For conservation reasons it is not possible to
display the whole collection together at any time; therefore the
museum features two distinct displays. The first is permanent and
serves as an introduction to fans: their history, how they are made,
the materials used, and the various types and sources of fans. The
second, highlighting a particular theme, changes three times a year
to enable visitors to appreciate the many aspects and intricacies
of fans.
Major New Acquisition of a Sickert Fan
by The Fan Museum through a grant from the Heritage Lottery Fund
A very important fan painted around 1889 by the British artist Walter Richard Sickert (1860-1942) has been acquired through a very generous grant from the Heritage Lottery Fund, augmented by further donations.
The fan, painted in gouache on vellum and mounted onto a grey mother of pearl monture (ie sticks and guards) depicts the artiste Little Dot Hetherington performing on stage at the Old Bedford Theatre, Camden . The spot-lit performer raising her face to the gods sings the song "The boy that I love is up in the gallery" (also made famous by Marie Lloyd). The subject is copied from an earlier Sickert painting and has been slightly amended to suit the fan leaf shape, which Sickert and his more famous contemporaries such as Degas were experimenting with.
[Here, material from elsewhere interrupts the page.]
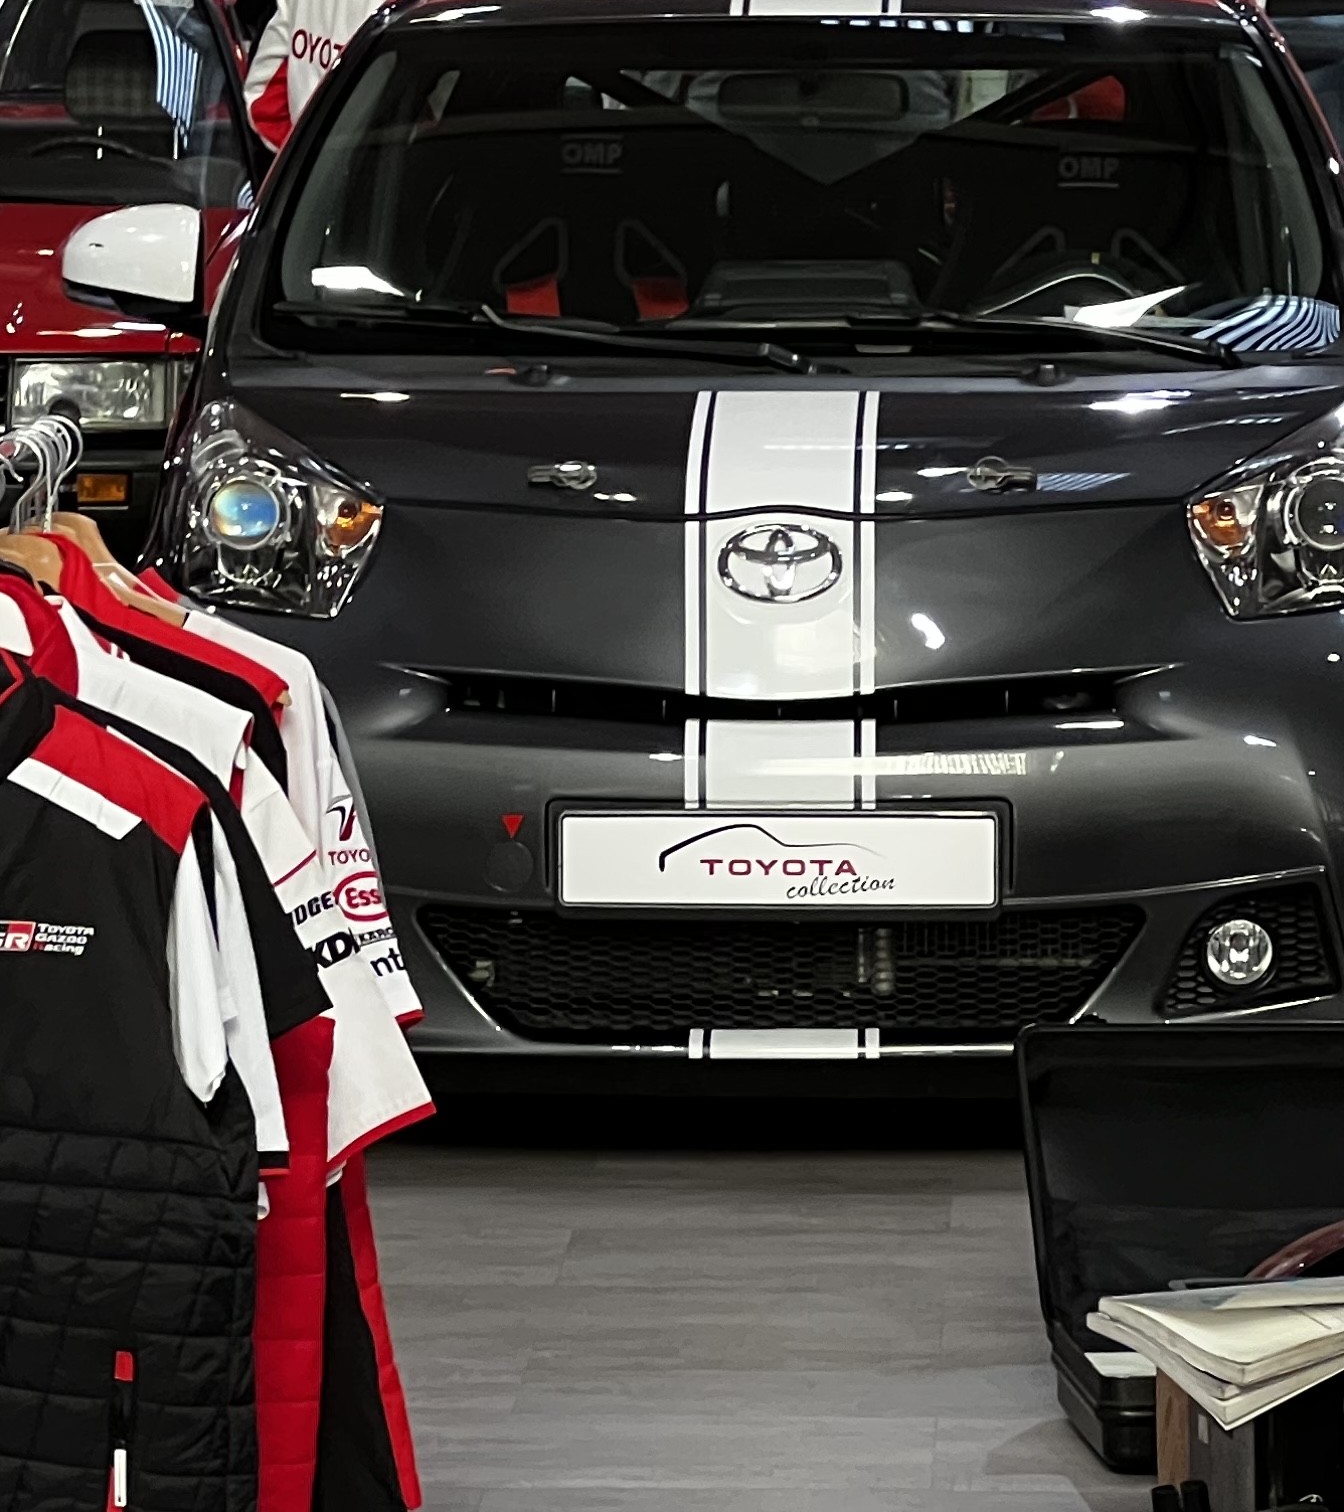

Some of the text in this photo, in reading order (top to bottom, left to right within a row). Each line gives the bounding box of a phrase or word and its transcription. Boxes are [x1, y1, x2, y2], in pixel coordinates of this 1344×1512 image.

The music Hall was very much the regular entertainment centre for everyman in the Victorian and Edwardian eras and for a decade such theatres (at four pence a seat) provided Sickert with subject matter. He would paint many scenes of inner-city life with its accompanying hopes and disappointment and the inspiration behind his later works very much derive from his ambiguous fascination with "tabloid" stories cut from newspapers. Sickert, a cultured bohemian, led a varied and colourful life attracting many legends and controversies. The Dot Hetherington fan was a gift to his friend and fellow painter Florence Pash (Mrs A A Humphrey) and descended in her family. We are not quite sure why he gave her such a gift but can only acknowledge the striking resonance between the obverse of a fan - which hides the face or emphasise a look - and the front of stage depicted on the fan. If this impressive early fan provides a small but evocative glimpse of the long-gone working man's London of the High Victorian era, one can only wonder what was happening behind the scene.